_TASK DIRECTIONS_. Print the data that follows, exactly and completely.

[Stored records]
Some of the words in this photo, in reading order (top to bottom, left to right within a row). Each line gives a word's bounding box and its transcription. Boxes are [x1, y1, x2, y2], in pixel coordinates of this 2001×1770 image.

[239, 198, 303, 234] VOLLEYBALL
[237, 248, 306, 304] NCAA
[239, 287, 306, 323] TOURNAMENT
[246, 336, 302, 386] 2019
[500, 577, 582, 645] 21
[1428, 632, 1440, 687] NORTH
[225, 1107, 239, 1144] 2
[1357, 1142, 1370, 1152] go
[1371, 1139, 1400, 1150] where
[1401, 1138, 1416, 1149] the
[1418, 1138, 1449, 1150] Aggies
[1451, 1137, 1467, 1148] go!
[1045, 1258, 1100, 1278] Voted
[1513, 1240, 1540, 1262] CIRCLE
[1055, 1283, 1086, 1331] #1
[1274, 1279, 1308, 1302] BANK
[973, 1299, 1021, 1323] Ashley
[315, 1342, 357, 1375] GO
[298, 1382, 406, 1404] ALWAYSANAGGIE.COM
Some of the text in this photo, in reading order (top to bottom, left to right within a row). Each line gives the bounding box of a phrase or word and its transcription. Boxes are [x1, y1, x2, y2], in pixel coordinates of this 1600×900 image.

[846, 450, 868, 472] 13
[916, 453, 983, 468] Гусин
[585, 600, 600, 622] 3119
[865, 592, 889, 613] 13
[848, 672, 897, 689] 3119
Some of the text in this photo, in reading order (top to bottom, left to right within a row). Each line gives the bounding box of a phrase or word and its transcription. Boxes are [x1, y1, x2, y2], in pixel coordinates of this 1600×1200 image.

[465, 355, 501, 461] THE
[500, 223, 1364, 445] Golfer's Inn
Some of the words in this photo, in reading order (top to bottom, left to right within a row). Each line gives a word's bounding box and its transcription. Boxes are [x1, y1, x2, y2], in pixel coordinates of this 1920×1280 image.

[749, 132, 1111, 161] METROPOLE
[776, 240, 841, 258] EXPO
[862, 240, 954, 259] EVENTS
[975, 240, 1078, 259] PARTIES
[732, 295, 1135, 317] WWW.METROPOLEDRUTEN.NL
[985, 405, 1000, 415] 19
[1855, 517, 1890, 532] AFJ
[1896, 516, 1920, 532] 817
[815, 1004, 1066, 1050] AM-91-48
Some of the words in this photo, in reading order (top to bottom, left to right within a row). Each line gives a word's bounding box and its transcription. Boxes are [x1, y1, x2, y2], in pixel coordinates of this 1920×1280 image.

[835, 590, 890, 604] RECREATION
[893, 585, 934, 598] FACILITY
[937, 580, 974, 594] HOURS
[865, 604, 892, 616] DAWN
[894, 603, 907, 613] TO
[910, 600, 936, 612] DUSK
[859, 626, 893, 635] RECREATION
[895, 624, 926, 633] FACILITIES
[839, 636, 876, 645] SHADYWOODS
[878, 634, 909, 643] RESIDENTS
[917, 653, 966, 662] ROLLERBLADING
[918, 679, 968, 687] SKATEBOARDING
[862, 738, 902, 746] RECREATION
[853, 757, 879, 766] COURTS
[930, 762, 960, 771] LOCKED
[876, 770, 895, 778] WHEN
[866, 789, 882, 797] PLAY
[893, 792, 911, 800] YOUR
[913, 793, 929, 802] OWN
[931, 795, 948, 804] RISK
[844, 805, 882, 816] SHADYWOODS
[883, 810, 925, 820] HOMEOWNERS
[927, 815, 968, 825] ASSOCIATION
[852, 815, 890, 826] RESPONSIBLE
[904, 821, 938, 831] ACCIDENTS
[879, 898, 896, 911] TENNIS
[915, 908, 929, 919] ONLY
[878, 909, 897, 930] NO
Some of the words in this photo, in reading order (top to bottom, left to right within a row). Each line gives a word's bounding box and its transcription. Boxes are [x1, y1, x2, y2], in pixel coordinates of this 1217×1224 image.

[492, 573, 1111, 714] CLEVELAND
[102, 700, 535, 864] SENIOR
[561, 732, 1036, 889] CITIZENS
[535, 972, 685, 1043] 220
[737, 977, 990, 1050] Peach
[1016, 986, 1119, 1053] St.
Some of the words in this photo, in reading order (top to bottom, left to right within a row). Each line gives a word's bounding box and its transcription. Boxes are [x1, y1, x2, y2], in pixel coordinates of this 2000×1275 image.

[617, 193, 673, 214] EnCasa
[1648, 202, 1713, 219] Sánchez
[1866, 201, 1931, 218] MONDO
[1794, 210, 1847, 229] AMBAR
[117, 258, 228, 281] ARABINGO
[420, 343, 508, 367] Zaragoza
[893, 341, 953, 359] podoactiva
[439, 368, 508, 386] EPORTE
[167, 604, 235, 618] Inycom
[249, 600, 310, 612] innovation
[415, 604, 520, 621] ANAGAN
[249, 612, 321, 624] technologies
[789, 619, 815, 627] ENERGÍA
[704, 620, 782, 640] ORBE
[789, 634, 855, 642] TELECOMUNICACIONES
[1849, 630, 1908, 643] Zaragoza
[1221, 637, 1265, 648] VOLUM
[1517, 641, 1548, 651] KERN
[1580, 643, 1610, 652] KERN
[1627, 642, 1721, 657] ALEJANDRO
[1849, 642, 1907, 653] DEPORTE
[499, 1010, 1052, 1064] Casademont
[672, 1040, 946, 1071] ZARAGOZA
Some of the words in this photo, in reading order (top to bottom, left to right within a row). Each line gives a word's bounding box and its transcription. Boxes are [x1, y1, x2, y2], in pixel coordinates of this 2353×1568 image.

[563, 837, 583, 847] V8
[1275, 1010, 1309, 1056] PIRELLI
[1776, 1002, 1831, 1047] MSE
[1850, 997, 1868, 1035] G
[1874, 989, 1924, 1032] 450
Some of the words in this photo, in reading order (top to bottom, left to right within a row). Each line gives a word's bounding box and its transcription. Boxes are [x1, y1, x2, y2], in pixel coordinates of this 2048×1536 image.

_TASK RESULT_.
Some of the words in this photo, in reading order (top to bottom, left to right within a row). Each line gives a word's bounding box and its transcription. Boxes are [x1, y1, x2, y2], in pixel coordinates of this 2001×1770 image.

[239, 198, 303, 234] VOLLEYBALL
[237, 248, 306, 304] NCAA
[239, 287, 306, 323] TOURNAMENT
[246, 336, 302, 386] 2019
[500, 577, 582, 645] 21
[1428, 632, 1440, 687] NORTH
[225, 1107, 239, 1144] 2
[1357, 1142, 1370, 1152] go
[1371, 1139, 1400, 1150] where
[1401, 1138, 1416, 1149] the
[1418, 1138, 1449, 1150] Aggies
[1451, 1137, 1467, 1148] go!
[1045, 1258, 1100, 1278] Voted
[1513, 1240, 1540, 1262] CIRCLE
[1055, 1283, 1086, 1331] #1
[1274, 1279, 1308, 1302] BANK
[973, 1299, 1021, 1323] Ashley
[315, 1342, 357, 1375] GO
[298, 1382, 406, 1404] ALWAYSANAGGIE.COM
Some of the text in this photo, in reading order (top to bottom, left to right within a row). Each line gives the bounding box of a phrase or word and its transcription. Boxes are [x1, y1, x2, y2], in pixel coordinates of this 1600×900 image.

[846, 450, 868, 472] 13
[916, 453, 983, 468] Гусин
[585, 600, 600, 622] 3119
[865, 592, 889, 613] 13
[848, 672, 897, 689] 3119
Some of the text in this photo, in reading order (top to bottom, left to right within a row). Each line gives the bounding box of a phrase or word and its transcription. Boxes are [x1, y1, x2, y2], in pixel coordinates of this 1600×1200 image.

[465, 355, 501, 461] THE
[500, 223, 1364, 445] Golfer's Inn
Some of the words in this photo, in reading order (top to bottom, left to right within a row). Each line gives a word's bounding box and its transcription. Boxes are [x1, y1, x2, y2], in pixel coordinates of this 1920×1280 image.

[749, 132, 1111, 161] METROPOLE
[776, 240, 841, 258] EXPO
[862, 240, 954, 259] EVENTS
[975, 240, 1078, 259] PARTIES
[732, 295, 1135, 317] WWW.METROPOLEDRUTEN.NL
[985, 405, 1000, 415] 19
[1855, 517, 1890, 532] AFJ
[1896, 516, 1920, 532] 817
[815, 1004, 1066, 1050] AM-91-48
Some of the words in this photo, in reading order (top to bottom, left to right within a row). Each line gives a word's bounding box and its transcription. Boxes are [x1, y1, x2, y2], in pixel coordinates of this 1920×1280 image.

[835, 590, 890, 604] RECREATION
[893, 585, 934, 598] FACILITY
[937, 580, 974, 594] HOURS
[865, 604, 892, 616] DAWN
[894, 603, 907, 613] TO
[910, 600, 936, 612] DUSK
[859, 626, 893, 635] RECREATION
[895, 624, 926, 633] FACILITIES
[839, 636, 876, 645] SHADYWOODS
[878, 634, 909, 643] RESIDENTS
[917, 653, 966, 662] ROLLERBLADING
[918, 679, 968, 687] SKATEBOARDING
[862, 738, 902, 746] RECREATION
[853, 757, 879, 766] COURTS
[930, 762, 960, 771] LOCKED
[876, 770, 895, 778] WHEN
[866, 789, 882, 797] PLAY
[893, 792, 911, 800] YOUR
[913, 793, 929, 802] OWN
[931, 795, 948, 804] RISK
[844, 805, 882, 816] SHADYWOODS
[883, 810, 925, 820] HOMEOWNERS
[927, 815, 968, 825] ASSOCIATION
[852, 815, 890, 826] RESPONSIBLE
[904, 821, 938, 831] ACCIDENTS
[879, 898, 896, 911] TENNIS
[915, 908, 929, 919] ONLY
[878, 909, 897, 930] NO
Some of the words in this photo, in reading order (top to bottom, left to right within a row). Each line gives a word's bounding box and its transcription. Boxes are [x1, y1, x2, y2], in pixel coordinates of this 1217×1224 image.

[492, 573, 1111, 714] CLEVELAND
[102, 700, 535, 864] SENIOR
[561, 732, 1036, 889] CITIZENS
[535, 972, 685, 1043] 220
[737, 977, 990, 1050] Peach
[1016, 986, 1119, 1053] St.
Some of the words in this photo, in reading order (top to bottom, left to right within a row). Each line gives a word's bounding box and its transcription. Boxes are [x1, y1, x2, y2], in pixel coordinates of this 2000×1275 image.

[617, 193, 673, 214] EnCasa
[1648, 202, 1713, 219] Sánchez
[1866, 201, 1931, 218] MONDO
[1794, 210, 1847, 229] AMBAR
[117, 258, 228, 281] ARABINGO
[420, 343, 508, 367] Zaragoza
[893, 341, 953, 359] podoactiva
[439, 368, 508, 386] EPORTE
[167, 604, 235, 618] Inycom
[249, 600, 310, 612] innovation
[415, 604, 520, 621] ANAGAN
[249, 612, 321, 624] technologies
[789, 619, 815, 627] ENERGÍA
[704, 620, 782, 640] ORBE
[789, 634, 855, 642] TELECOMUNICACIONES
[1849, 630, 1908, 643] Zaragoza
[1221, 637, 1265, 648] VOLUM
[1517, 641, 1548, 651] KERN
[1580, 643, 1610, 652] KERN
[1627, 642, 1721, 657] ALEJANDRO
[1849, 642, 1907, 653] DEPORTE
[499, 1010, 1052, 1064] Casademont
[672, 1040, 946, 1071] ZARAGOZA
Some of the words in this photo, in reading order (top to bottom, left to right within a row). Each line gives a word's bounding box and its transcription. Boxes are [x1, y1, x2, y2], in pixel coordinates of this 2353×1568 image.

[563, 837, 583, 847] V8
[1275, 1010, 1309, 1056] PIRELLI
[1776, 1002, 1831, 1047] MSE
[1850, 997, 1868, 1035] G
[1874, 989, 1924, 1032] 450
Some of the words in this photo, in reading order (top to bottom, left to right within a row). Each line gives a word's bounding box and its transcription. Boxes are [x1, y1, x2, y2], in pixel coordinates of this 2048×1536 image.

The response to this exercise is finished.